EXERCISE REQUIREMENTS
What this exercise requires is a verbatim reproduction of the data below.

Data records
------------------------------------------------------------

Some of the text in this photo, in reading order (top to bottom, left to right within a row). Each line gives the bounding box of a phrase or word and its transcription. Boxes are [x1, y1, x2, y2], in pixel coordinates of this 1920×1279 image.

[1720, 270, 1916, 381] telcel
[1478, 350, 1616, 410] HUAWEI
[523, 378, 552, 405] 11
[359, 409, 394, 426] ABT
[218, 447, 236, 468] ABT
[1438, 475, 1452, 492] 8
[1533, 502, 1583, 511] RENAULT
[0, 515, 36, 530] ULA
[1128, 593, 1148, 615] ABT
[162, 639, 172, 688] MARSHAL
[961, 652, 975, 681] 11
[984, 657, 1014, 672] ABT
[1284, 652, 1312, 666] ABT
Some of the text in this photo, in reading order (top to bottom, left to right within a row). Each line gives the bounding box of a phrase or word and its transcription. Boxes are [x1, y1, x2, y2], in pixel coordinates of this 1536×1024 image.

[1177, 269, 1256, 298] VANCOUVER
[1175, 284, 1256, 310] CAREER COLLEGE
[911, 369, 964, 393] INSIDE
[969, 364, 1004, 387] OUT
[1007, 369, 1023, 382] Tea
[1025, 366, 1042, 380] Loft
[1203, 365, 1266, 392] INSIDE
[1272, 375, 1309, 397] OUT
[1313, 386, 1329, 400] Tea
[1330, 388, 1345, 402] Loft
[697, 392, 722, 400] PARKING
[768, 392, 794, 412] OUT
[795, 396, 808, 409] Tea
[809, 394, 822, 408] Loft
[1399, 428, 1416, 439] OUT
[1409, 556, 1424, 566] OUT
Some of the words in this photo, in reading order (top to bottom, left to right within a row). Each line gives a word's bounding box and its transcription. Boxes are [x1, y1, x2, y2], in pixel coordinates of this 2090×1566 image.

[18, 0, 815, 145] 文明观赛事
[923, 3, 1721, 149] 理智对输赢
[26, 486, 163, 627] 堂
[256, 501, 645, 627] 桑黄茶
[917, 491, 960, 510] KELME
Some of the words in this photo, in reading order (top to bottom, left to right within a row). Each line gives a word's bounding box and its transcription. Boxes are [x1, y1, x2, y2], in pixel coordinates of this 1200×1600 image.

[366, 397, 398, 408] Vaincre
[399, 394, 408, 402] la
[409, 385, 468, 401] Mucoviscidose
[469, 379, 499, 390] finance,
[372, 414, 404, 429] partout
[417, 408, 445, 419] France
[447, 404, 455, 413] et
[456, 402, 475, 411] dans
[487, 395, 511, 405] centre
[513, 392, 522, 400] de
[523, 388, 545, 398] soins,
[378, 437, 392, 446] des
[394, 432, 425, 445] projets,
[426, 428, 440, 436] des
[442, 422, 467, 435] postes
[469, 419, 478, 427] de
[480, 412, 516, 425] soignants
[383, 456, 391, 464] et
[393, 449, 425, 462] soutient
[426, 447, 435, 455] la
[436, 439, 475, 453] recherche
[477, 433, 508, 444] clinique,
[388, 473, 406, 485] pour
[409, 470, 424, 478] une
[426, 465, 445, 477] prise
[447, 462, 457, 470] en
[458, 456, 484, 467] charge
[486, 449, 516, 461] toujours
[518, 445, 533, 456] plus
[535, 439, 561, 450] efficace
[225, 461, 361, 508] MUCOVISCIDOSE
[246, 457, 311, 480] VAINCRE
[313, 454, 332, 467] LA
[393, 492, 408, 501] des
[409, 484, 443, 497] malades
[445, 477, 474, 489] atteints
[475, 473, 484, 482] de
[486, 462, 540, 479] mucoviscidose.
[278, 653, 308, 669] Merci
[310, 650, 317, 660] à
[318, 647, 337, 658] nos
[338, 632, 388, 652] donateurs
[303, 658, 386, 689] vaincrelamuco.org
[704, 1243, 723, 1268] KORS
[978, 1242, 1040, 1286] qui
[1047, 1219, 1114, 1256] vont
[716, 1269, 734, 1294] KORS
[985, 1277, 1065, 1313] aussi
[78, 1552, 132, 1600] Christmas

------------------------------------------------------------

RESPONSE AREA
Some of the text in this photo, in reading order (top to bottom, left to right within a row). Each line gives the bounding box of a phrase or word and its transcription. Boxes are [x1, y1, x2, y2], in pixel coordinates of this 1920×1279 image.

[1720, 270, 1916, 381] telcel
[1478, 350, 1616, 410] HUAWEI
[523, 378, 552, 405] 11
[359, 409, 394, 426] ABT
[218, 447, 236, 468] ABT
[1438, 475, 1452, 492] 8
[1533, 502, 1583, 511] RENAULT
[0, 515, 36, 530] ULA
[1128, 593, 1148, 615] ABT
[162, 639, 172, 688] MARSHAL
[961, 652, 975, 681] 11
[984, 657, 1014, 672] ABT
[1284, 652, 1312, 666] ABT
Some of the text in this photo, in reading order (top to bottom, left to right within a row). Each line gives the bounding box of a phrase or word and its transcription. Boxes are [x1, y1, x2, y2], in pixel coordinates of this 1536×1024 image.

[1177, 269, 1256, 298] VANCOUVER
[1175, 284, 1256, 310] CAREER COLLEGE
[911, 369, 964, 393] INSIDE
[969, 364, 1004, 387] OUT
[1007, 369, 1023, 382] Tea
[1025, 366, 1042, 380] Loft
[1203, 365, 1266, 392] INSIDE
[1272, 375, 1309, 397] OUT
[1313, 386, 1329, 400] Tea
[1330, 388, 1345, 402] Loft
[697, 392, 722, 400] PARKING
[768, 392, 794, 412] OUT
[795, 396, 808, 409] Tea
[809, 394, 822, 408] Loft
[1399, 428, 1416, 439] OUT
[1409, 556, 1424, 566] OUT
Some of the words in this photo, in reading order (top to bottom, left to right within a row). Each line gives a word's bounding box and its transcription. Boxes are [x1, y1, x2, y2], in pixel coordinates of this 2090×1566 image.

[18, 0, 815, 145] 文明观赛事
[923, 3, 1721, 149] 理智对输赢
[26, 486, 163, 627] 堂
[256, 501, 645, 627] 桑黄茶
[917, 491, 960, 510] KELME
Some of the words in this photo, in reading order (top to bottom, left to right within a row). Each line gives a word's bounding box and its transcription. Boxes are [x1, y1, x2, y2], in pixel coordinates of this 1200×1600 image.

[366, 397, 398, 408] Vaincre
[399, 394, 408, 402] la
[409, 385, 468, 401] Mucoviscidose
[469, 379, 499, 390] finance,
[372, 414, 404, 429] partout
[417, 408, 445, 419] France
[447, 404, 455, 413] et
[456, 402, 475, 411] dans
[487, 395, 511, 405] centre
[513, 392, 522, 400] de
[523, 388, 545, 398] soins,
[378, 437, 392, 446] des
[394, 432, 425, 445] projets,
[426, 428, 440, 436] des
[442, 422, 467, 435] postes
[469, 419, 478, 427] de
[480, 412, 516, 425] soignants
[383, 456, 391, 464] et
[393, 449, 425, 462] soutient
[426, 447, 435, 455] la
[436, 439, 475, 453] recherche
[477, 433, 508, 444] clinique,
[388, 473, 406, 485] pour
[409, 470, 424, 478] une
[426, 465, 445, 477] prise
[447, 462, 457, 470] en
[458, 456, 484, 467] charge
[486, 449, 516, 461] toujours
[518, 445, 533, 456] plus
[535, 439, 561, 450] efficace
[225, 461, 361, 508] MUCOVISCIDOSE
[246, 457, 311, 480] VAINCRE
[313, 454, 332, 467] LA
[393, 492, 408, 501] des
[409, 484, 443, 497] malades
[445, 477, 474, 489] atteints
[475, 473, 484, 482] de
[486, 462, 540, 479] mucoviscidose.
[278, 653, 308, 669] Merci
[310, 650, 317, 660] à
[318, 647, 337, 658] nos
[338, 632, 388, 652] donateurs
[303, 658, 386, 689] vaincrelamuco.org
[704, 1243, 723, 1268] KORS
[978, 1242, 1040, 1286] qui
[1047, 1219, 1114, 1256] vont
[716, 1269, 734, 1294] KORS
[985, 1277, 1065, 1313] aussi
[78, 1552, 132, 1600] Christmas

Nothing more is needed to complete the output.